WHAT NEEDS TO BE DONE: When the data below is printed, every line must match exactly and the images must be absent.
SUPPLIED MATERIAL section start
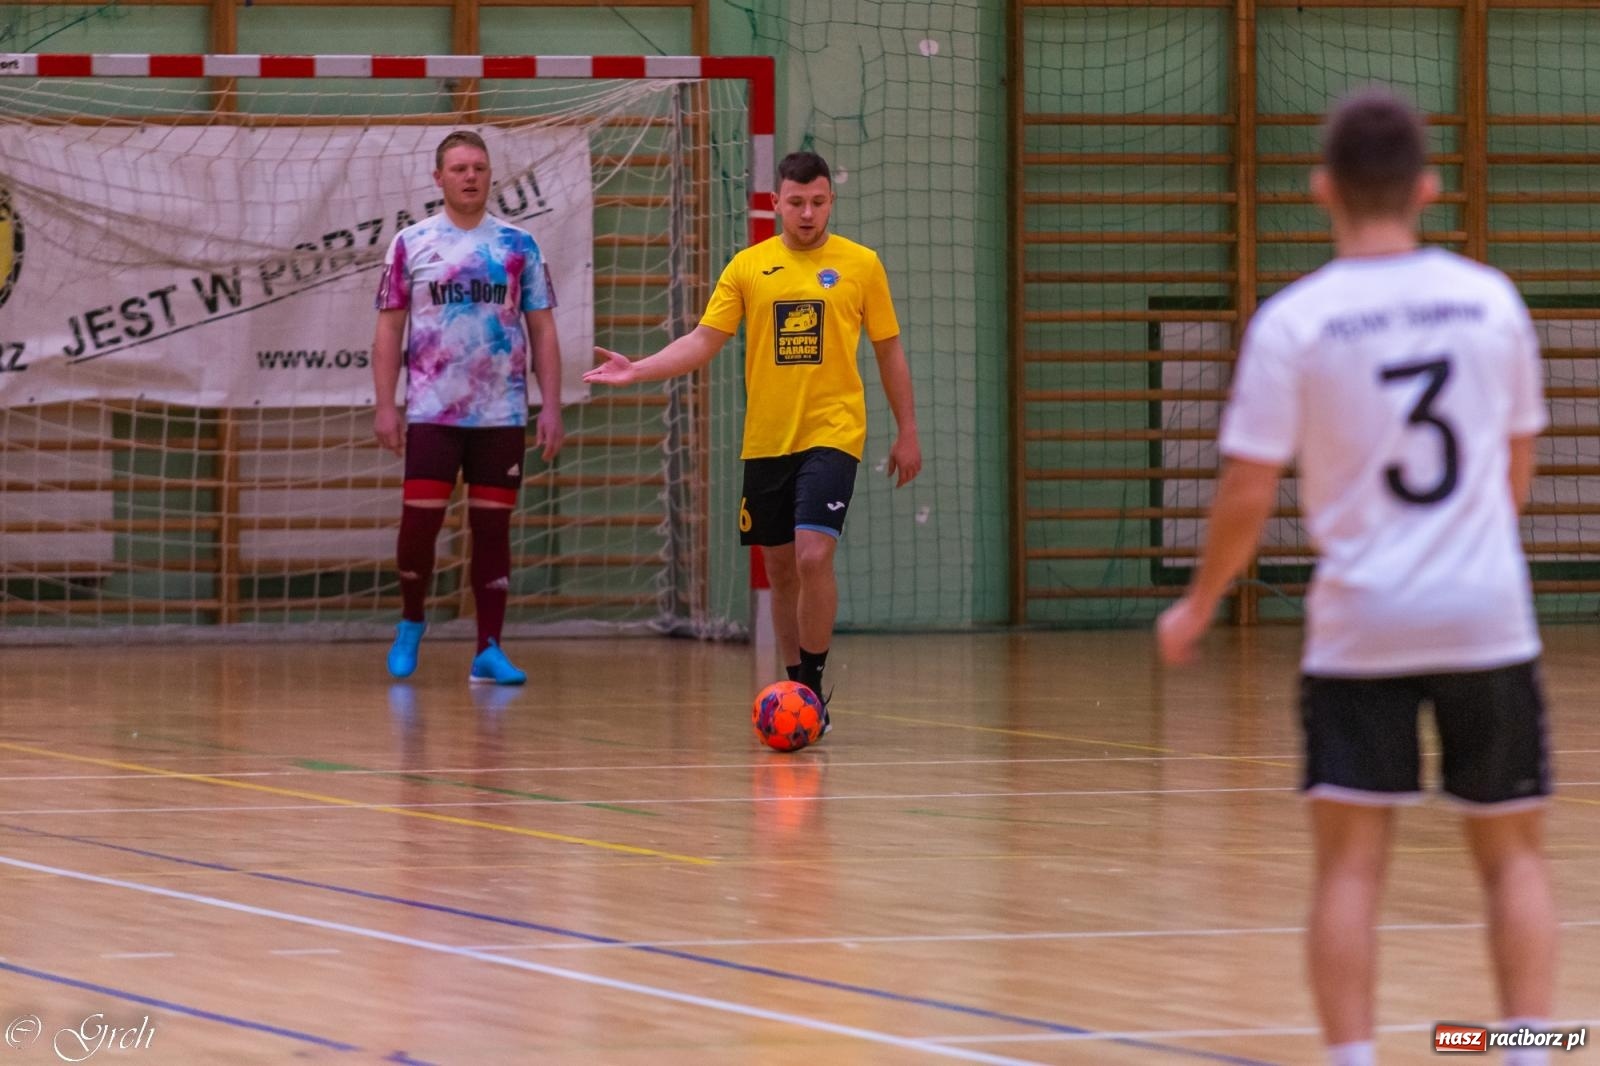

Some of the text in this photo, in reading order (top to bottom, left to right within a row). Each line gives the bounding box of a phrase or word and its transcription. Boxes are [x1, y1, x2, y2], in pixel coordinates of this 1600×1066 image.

[0, 59, 20, 70] ort
[428, 278, 508, 306] Kris-Dom
[62, 284, 178, 357] JEST
[191, 264, 242, 315] W
[778, 345, 818, 356] GARAGE
[1379, 354, 1460, 506] 3
SUPPLIED MATERIAL section end
EXERCISE RESULT:
Some of the text in this photo, in reading order (top to bottom, left to right within a row). Each line gives the bounding box of a phrase or word and its transcription. Boxes are [x1, y1, x2, y2], in pixel coordinates of this 1600×1066 image.

[0, 59, 20, 70] ort
[428, 278, 508, 306] Kris-Dom
[62, 284, 178, 357] JEST
[191, 264, 242, 315] W
[778, 345, 818, 356] GARAGE
[1379, 354, 1460, 506] 3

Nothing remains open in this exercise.